An earlier national review had identified and proposed several fatal and non-fatal injury indicators “to inform on injuries in New Zealand at a high level”.1 These indicators included numbers and rates of deaths. They also included numbers and rates of hospitalized injuries. The use of hospitalizations as the basis for non-fatal injury indicators can be misleading, however.2–4 Admission to hospital is influenced not only by severity of injury, but also by a number of extraneous factors, including bed/theatre availability, professional practice, and access to hospital services.5 Consequently, trends in these hospitalized injury indicators over time may be due to changes in these extraneous factors rather than changes in the incidence or severity of injury, as illustrated in a recent paper describing MVTC indicators.6

This problem has been recognised for several years and potential solutions to identifying non-fatal injury indicators have been debated in the literature.2,3,5,7,8,9,10 The work described in this paper offers a solution to this problem.

This paper includes a description of the process of development of our proposed indicators, the “all injury” indicators that we developed, and the response of the New Zealand Government to these indicators. The paper represents a summary of our report to the NZIPS Secretariat.11 The figures presented here have been updated since the publication of this report to include the most up-to-date data as well as baselines for each indicator showing an estimate of the indicator value immediately before the introduction of the strategy.

METHODS

For “all injury” and for each of the six priority areas, we used the following methods to identify candidate indicators:

  • We identified existing national indicators through a named contact within the lead agency for the NZIPS priority area.

  • We suggested fatal and non-fatal injury indicators for “all injury” and then sought similar indicators for each of the priority areas.

  • We subjected all of the candidate indicators to a systematic assessment of validity, using the ICE criteria.12

  • Based on the results of that validation, we identified proposed and/or provisional indicators for each priority area.

Note that there were no provisional indicators included among the “all injury” indicators; therefore none are described in this paper. For some priority areas it was necessary to designate the indicators as provisional where, for example, the only indicators that could be identified posed some threat to validity. We have used the term validity to mean the degree to which the indicator measures what it is intended to measure.13

The ICE validation criteria, agreed at a meeting in Washington DC in 2001, suggest that an ideal indicator should:12

  • have a case definition based on diagnosis—on anatomical or physiological damage;

  • focus on serious injury;

  • have, as far as possible, unbiased case ascertainment;

  • be derived from data that are representative of the target population;

  • be based on existing data systems (or it should be practical to develop new data systems);

  • be fully specified.

These criteria were developed solely in the context of indicators of injury incidence and, within that, on the characteristics of the incident cases. It was further agreed at the 2001 ICE meeting that the fewer criteria that are satisfied, the more likely it is that the indicator will exhibit some threats to validity.
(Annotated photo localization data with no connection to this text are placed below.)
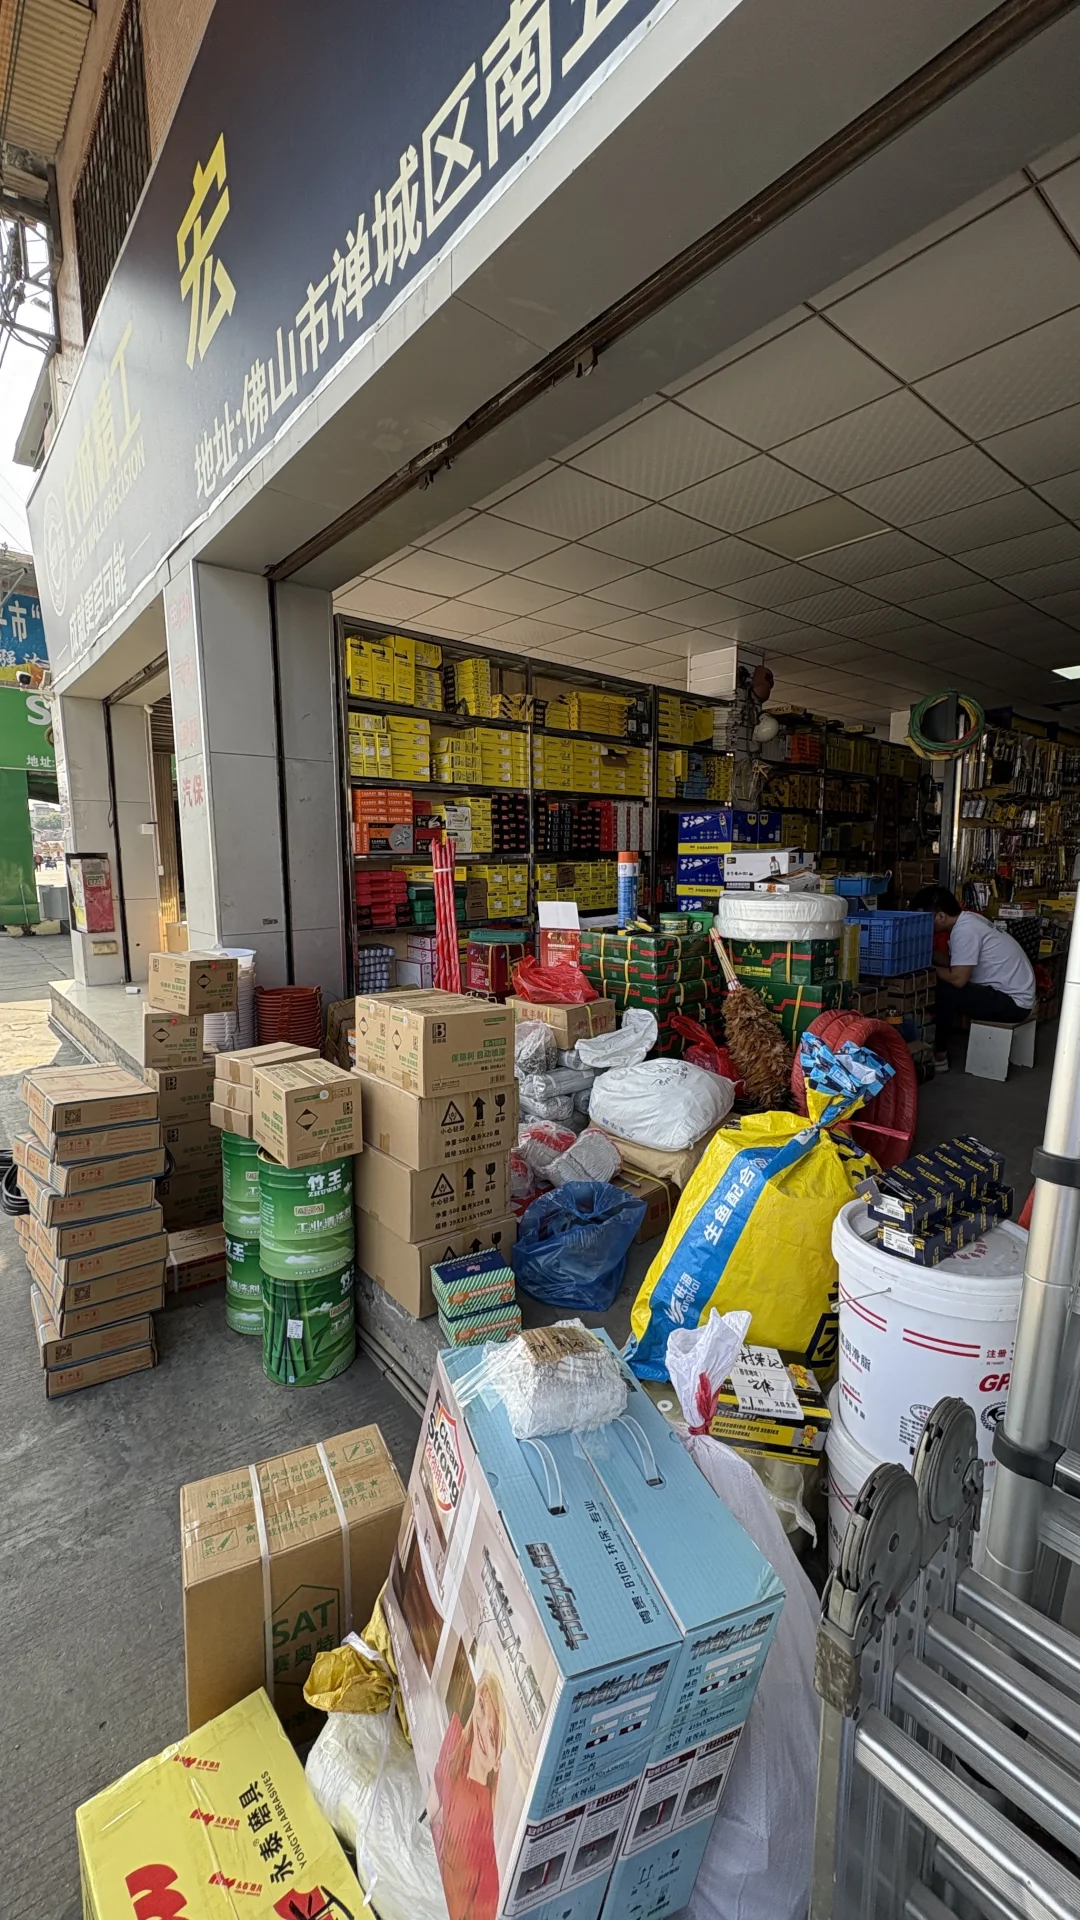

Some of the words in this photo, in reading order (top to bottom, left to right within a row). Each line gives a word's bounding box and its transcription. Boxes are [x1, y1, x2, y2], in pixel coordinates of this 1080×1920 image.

[176, 131, 236, 370] 宏
[63, 320, 142, 549] 长城精工
[103, 436, 146, 522] PRECISION
[68, 540, 128, 660] 成就更多可能
[182, 774, 204, 808] 汽保
[440, 1124, 465, 1136] 小心轻放
[473, 1120, 486, 1129] 向上
[307, 1168, 343, 1191] 竹王
[430, 1195, 455, 1208] 小心轻放
[464, 1189, 477, 1199] 向上
[986, 1348, 1008, 1359] 注册
[440, 1421, 460, 1476] Clean
[712, 1427, 751, 1438] PROFESSIONAL
[714, 1421, 748, 1432] MEASURING
[747, 1425, 761, 1433] TAPE
[760, 1427, 779, 1436] SERIES
[428, 1411, 460, 1509] Strong
[272, 1598, 336, 1649] SAT
[272, 1633, 335, 1677] 赛奥特
[260, 1770, 291, 1823] ABRASIVES
[239, 1780, 295, 1885] 永泰磨具
[283, 1821, 308, 1870] YONGTAI
Each of the above criteria were used to assess the validity of existing, previously proposed, and our newly proposed “all injury” indicators. This was achieved by each of the principal authors of the original report (C Cryer, J Langley, and S Stephenson, Injury Prevention Research Unit, University of Otago, New Zealand) independently assessing the candidate indicators against these criteria.

Sources of data

The goal was to develop indicators that draw attention to “important” injury as judged by their resulting in death, or because of their threat-to-life.

Fatal injury indicators

New Zealand Health Information Service (NZHIS) Mortality data (based on death registrations and Coroner’s reports) were used as the basis for the fatal injury indicators.

Non-fatal injury indicators

NZHIS National Minimum Data Set (NMDS), a database which records information on all publicly funded hospital discharges in New Zealand, was used as the source for potential non-fatal indicators. The NZHIS NMDS excludes cases that are funded privately. There are only a small number of privately funded incident cases that are not captured by the NMDS14 so their exclusion should have little affect on the validity of the indicators.

Injury definition

For the reasons explained in one of our previous publications,4 cases of injury were identified as those that had a principal diagnosis of injury, and were first admissions. Hospital admissions with 0 days stay were included, but only if they satisfied our operational definition of a serious injury (see below).
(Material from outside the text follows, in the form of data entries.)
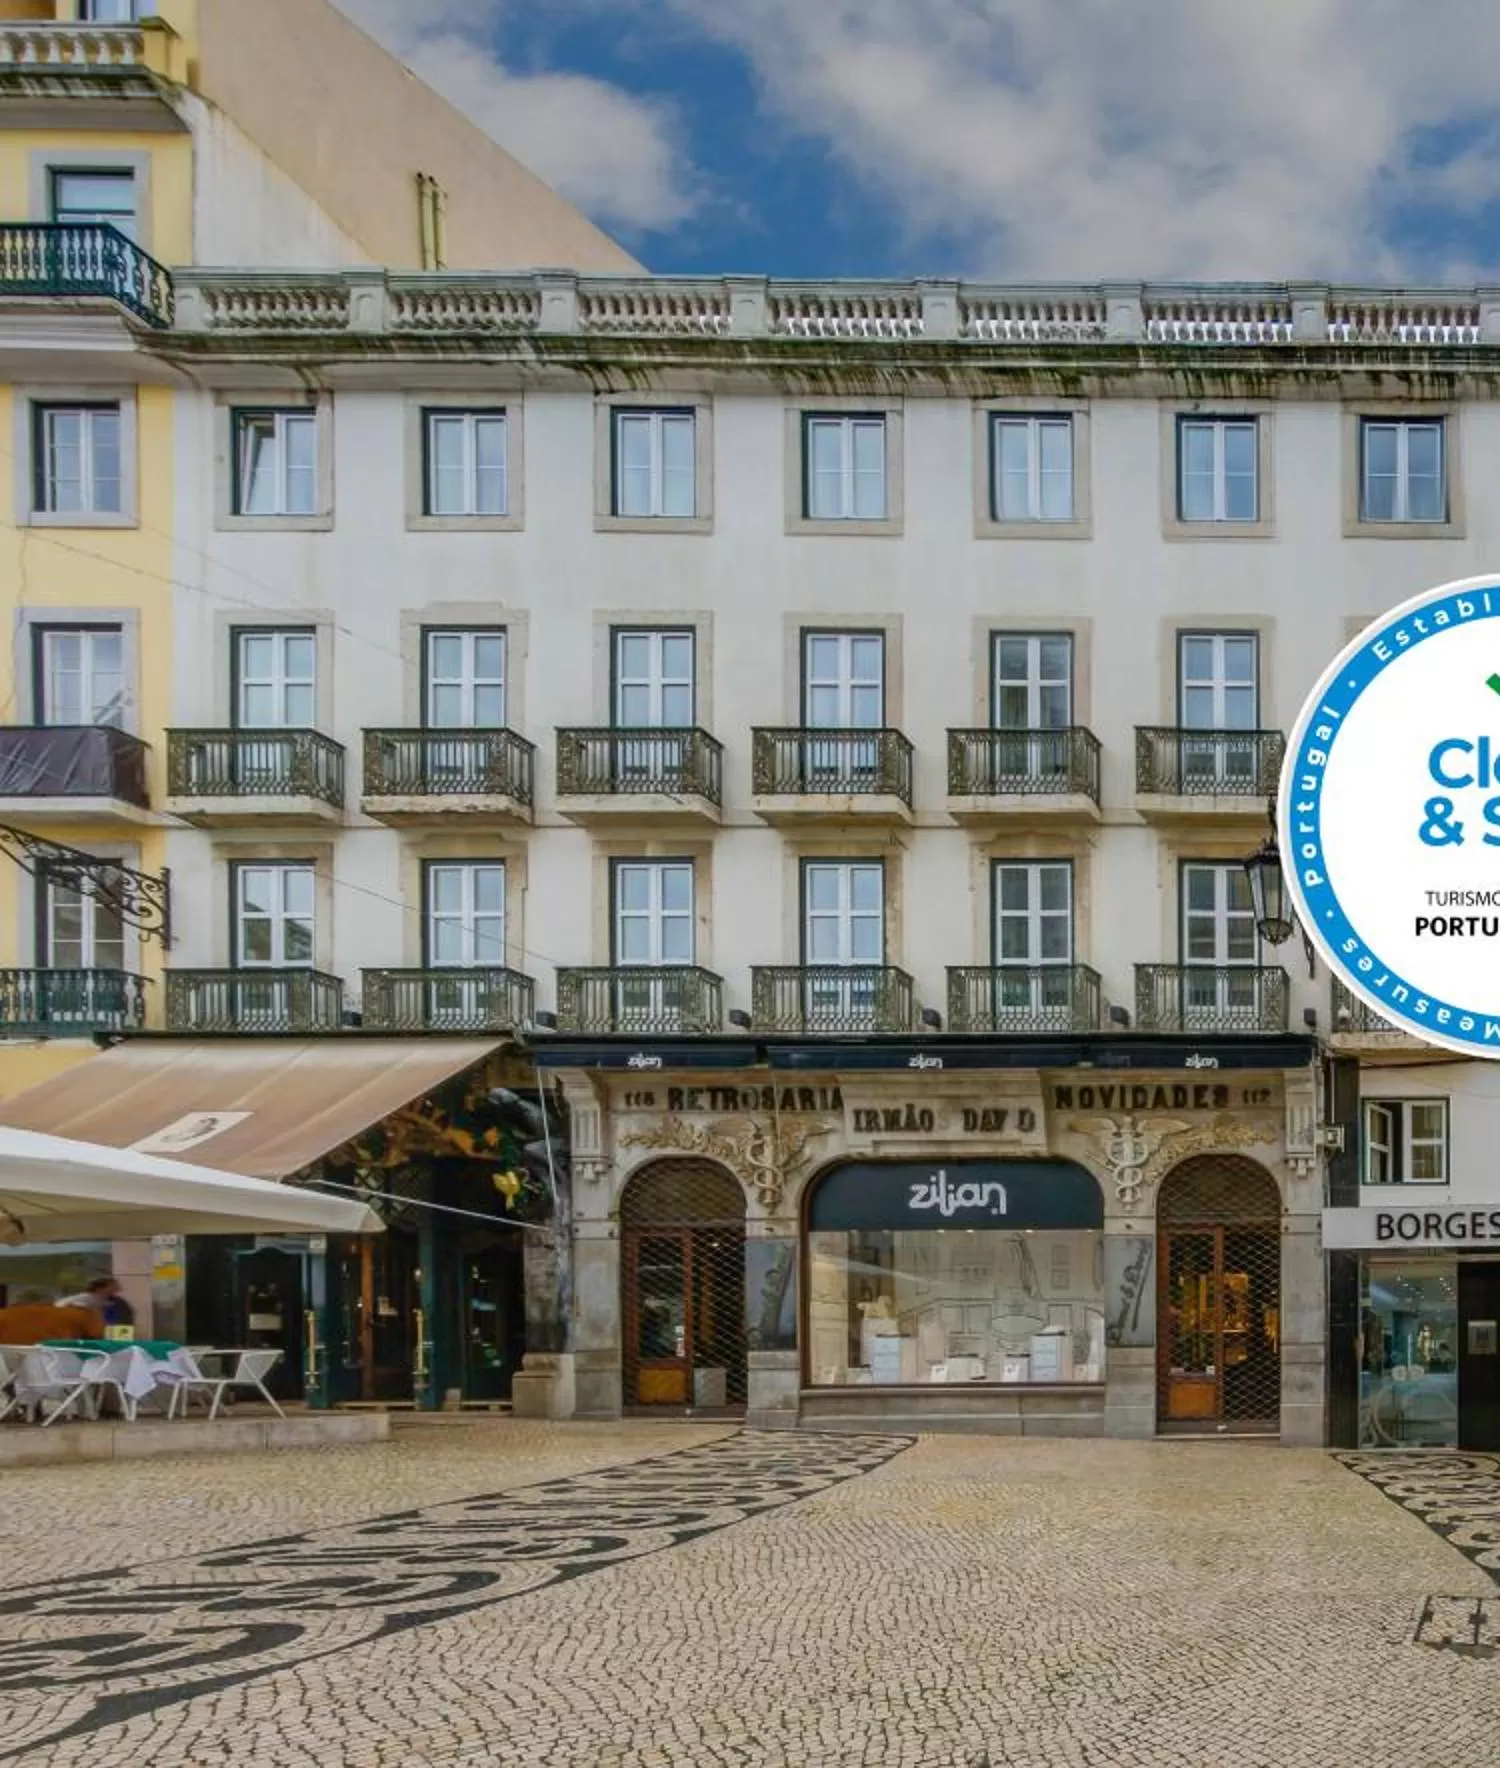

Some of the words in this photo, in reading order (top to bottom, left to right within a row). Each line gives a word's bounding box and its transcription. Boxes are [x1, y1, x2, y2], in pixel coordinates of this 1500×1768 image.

[668, 1086, 844, 1111] RETROSARIA
[1055, 1085, 1229, 1109] NOVIDADES
[853, 1104, 950, 1133] IRMÃO
[962, 1108, 1036, 1133] DAVD
[908, 1169, 1007, 1217] zilian
The following ICD-10 code ranges were used for the operational definition of an injury for the non-fatal injury indicators:

  • principal diagnosis: S00-T78 and

  • first external cause: V01-Y36.

For the fatal injury indicators, the operational definition of an injury was an underlying cause of death in the range V01-Y36.
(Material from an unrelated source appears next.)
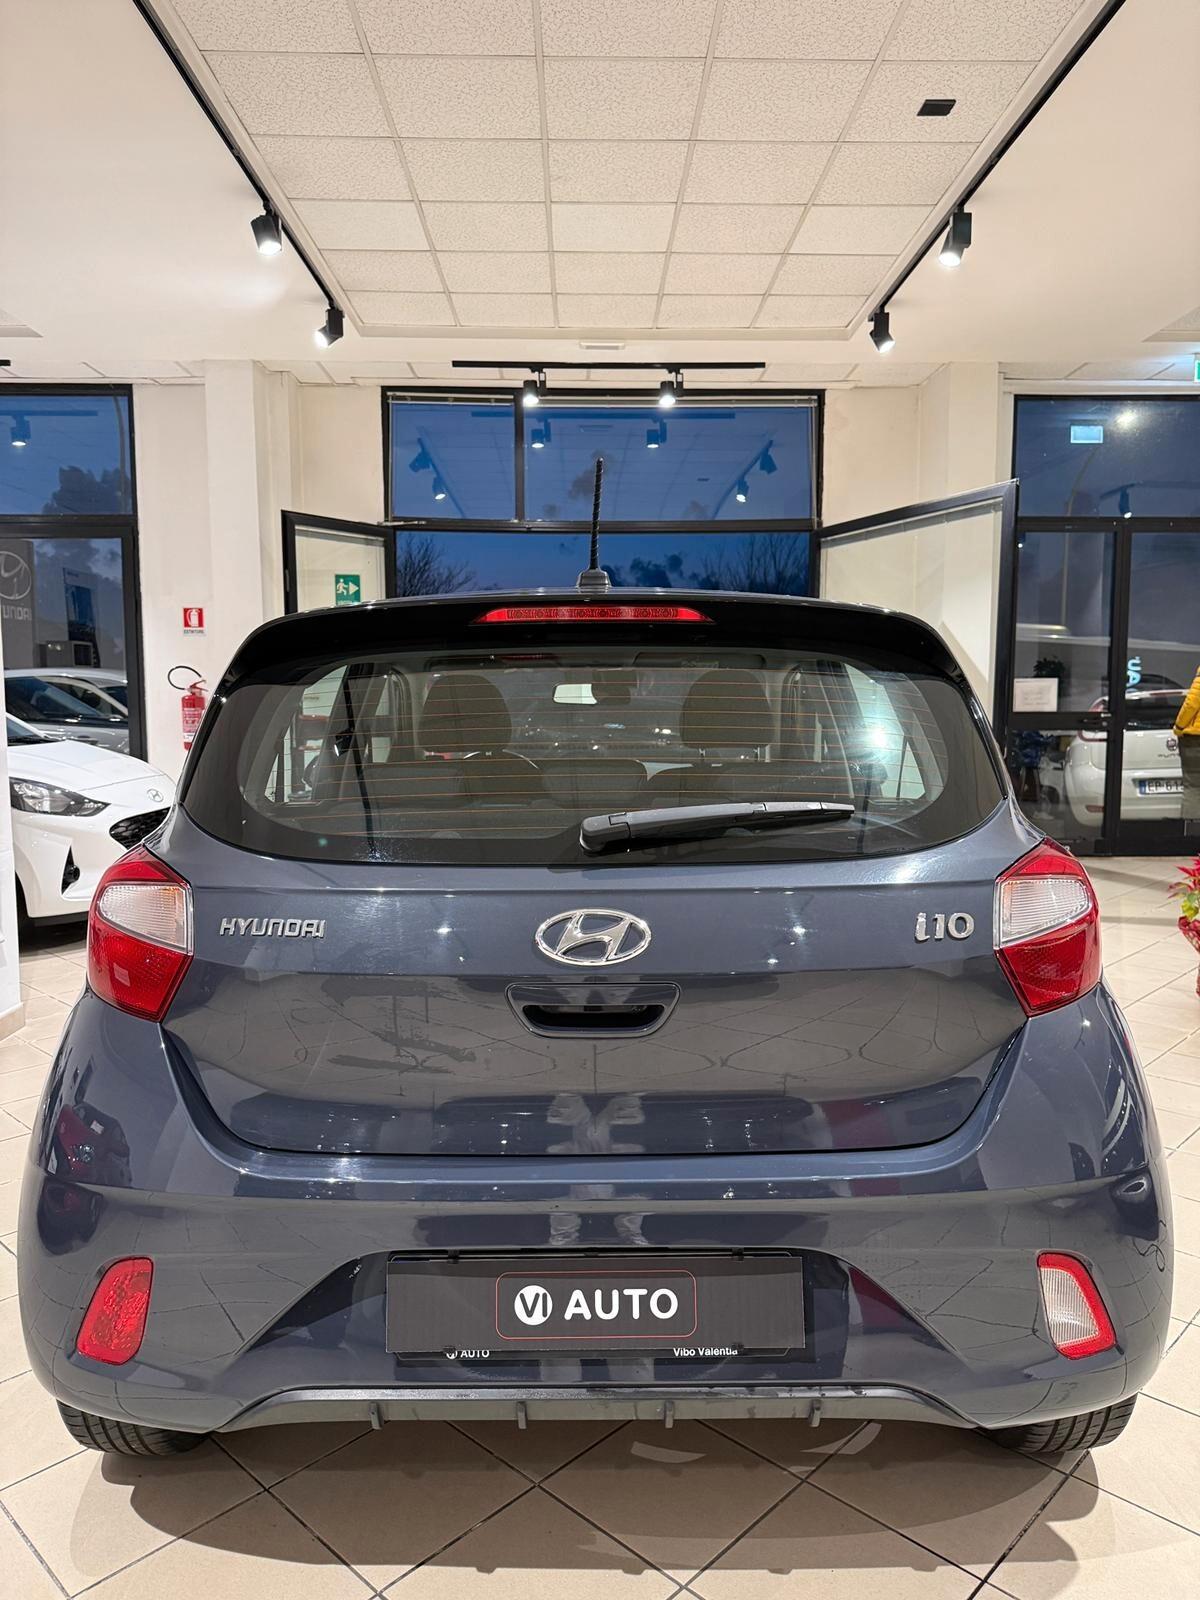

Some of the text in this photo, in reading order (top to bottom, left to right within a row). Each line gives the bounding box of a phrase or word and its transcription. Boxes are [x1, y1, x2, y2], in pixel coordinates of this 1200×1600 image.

Serious non-fatal injury definition

The non-fatal indicators proposed were based on cases that were hospitalized with an ICD-based Injury Severity Score (ICISS)15 of less than or equal to 0.941. This is equivalent to selecting patients who, at admission, have injuries that give the patient a survival probability of 94.1% or worse—in other words, a probability of death (at admission) of at least 5.9%. For New Zealand data, this represents around 15% of all injury discharges. This severity threshold includes the majority of the following injuries: fracture of the neck of femur, intracranial injury (excluding concussion only injury), injuries of nerves and spinal cord at neck level, multiple fractures of the ribs, asphyxia, hypothermia, and many other injury diagnoses of similar severity or which are more serious. The full list can be found in an appendix to the report to the NZIPS Secretariat.11

Rates, confidence intervals, and baselines

Rates are expressed as per 100 000 person-years. Population data were obtained from Statistics New Zealand population estimates (http://www.stats.govt.nz). Rates were age adjusted to compensate for societal changes in the age distribution of the population over time. Ninety five percent confidence intervals for counts assume Poisson error, and for age standardized rates they were produced using methods specified in the text of Clayton and Hills.16 Baselines for the non-fatal injury indicators were calculated as the average of the 2001–03 indicator values. In the absence of 2003 and 2004 mortality data, the provisional baselines shown for the fatal injury indicators were the average of 2001 and 2002 indicator values.

Consultation

During the development of the indicators, we consulted with the NZIPS project team, NZIPS advisory groups, and with selected representatives from within New Zealand, as well as with the international research community.

RESULTS

The proposed “all injury” indicators were as follows:

  • age standardized injury mortality rate per 100 000 person-years at risk;

  • number of injury deaths;

  • age standardized serious non-fatal injury rate per 100 000 person-years at risk;

  • number of cases of serious non-fatal injury.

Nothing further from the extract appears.